▸ **Action item**
Copy task. Retype the whole listing exactly, omitting any picture in it.

### The data ###

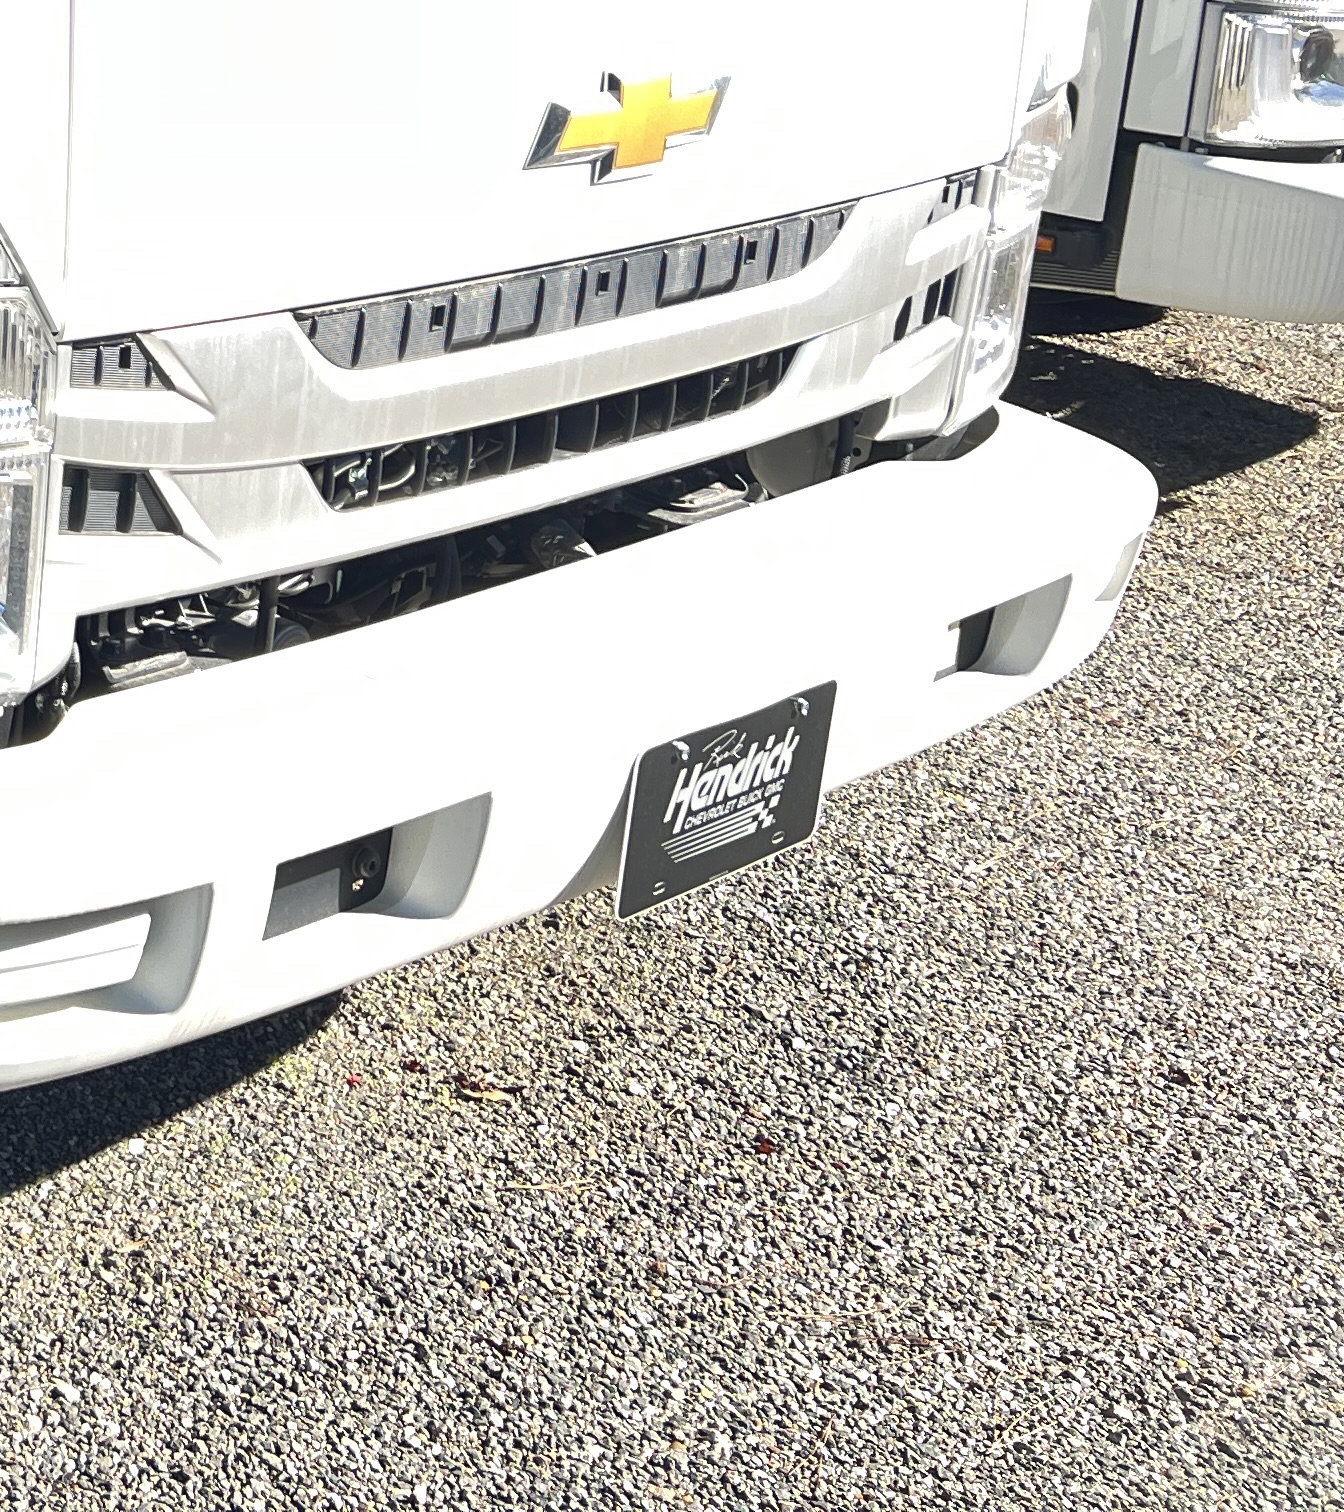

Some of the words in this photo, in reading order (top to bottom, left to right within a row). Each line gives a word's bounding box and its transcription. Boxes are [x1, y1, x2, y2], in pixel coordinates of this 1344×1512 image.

[663, 726, 800, 835] Hendrick
[684, 799, 738, 830] CHEVROLET
[737, 787, 765, 809] BUICK
[764, 778, 786, 797] GMC
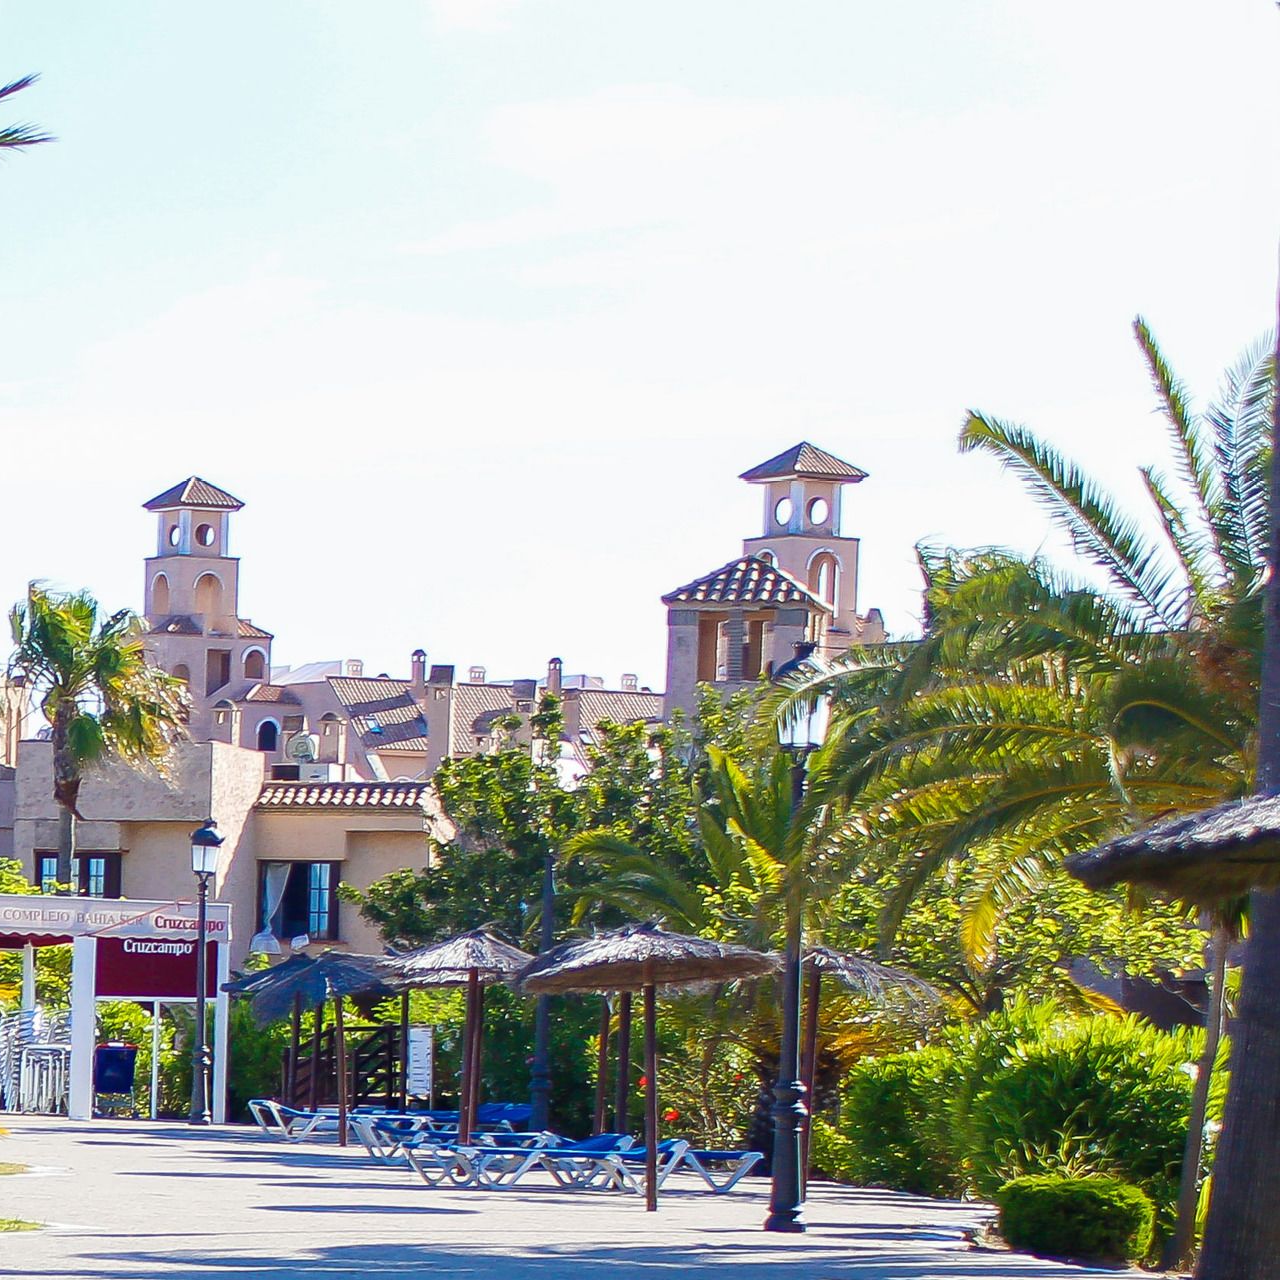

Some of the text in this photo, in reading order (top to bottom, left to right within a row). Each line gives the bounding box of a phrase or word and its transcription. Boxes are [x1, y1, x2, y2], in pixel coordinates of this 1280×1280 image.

[3, 908, 70, 922] COMPLEJO
[154, 915, 225, 933] Cruzcapo
[123, 939, 193, 956] Cruzcampo

###

▸ **Final answer**
Some of the words in this photo, in reading order (top to bottom, left to right within a row). Each line gives a word's bounding box and its transcription. Boxes are [x1, y1, x2, y2], in pixel coordinates of this 1344×1512 image.

[663, 726, 800, 835] Hendrick
[684, 799, 738, 830] CHEVROLET
[737, 787, 765, 809] BUICK
[764, 778, 786, 797] GMC

Some of the text in this photo, in reading order (top to bottom, left to right within a row). Each line gives the bounding box of a phrase or word and its transcription. Boxes are [x1, y1, x2, y2], in pixel coordinates of this 1280×1280 image.

[3, 908, 70, 922] COMPLEJO
[154, 915, 225, 933] Cruzcapo
[123, 939, 193, 956] Cruzcampo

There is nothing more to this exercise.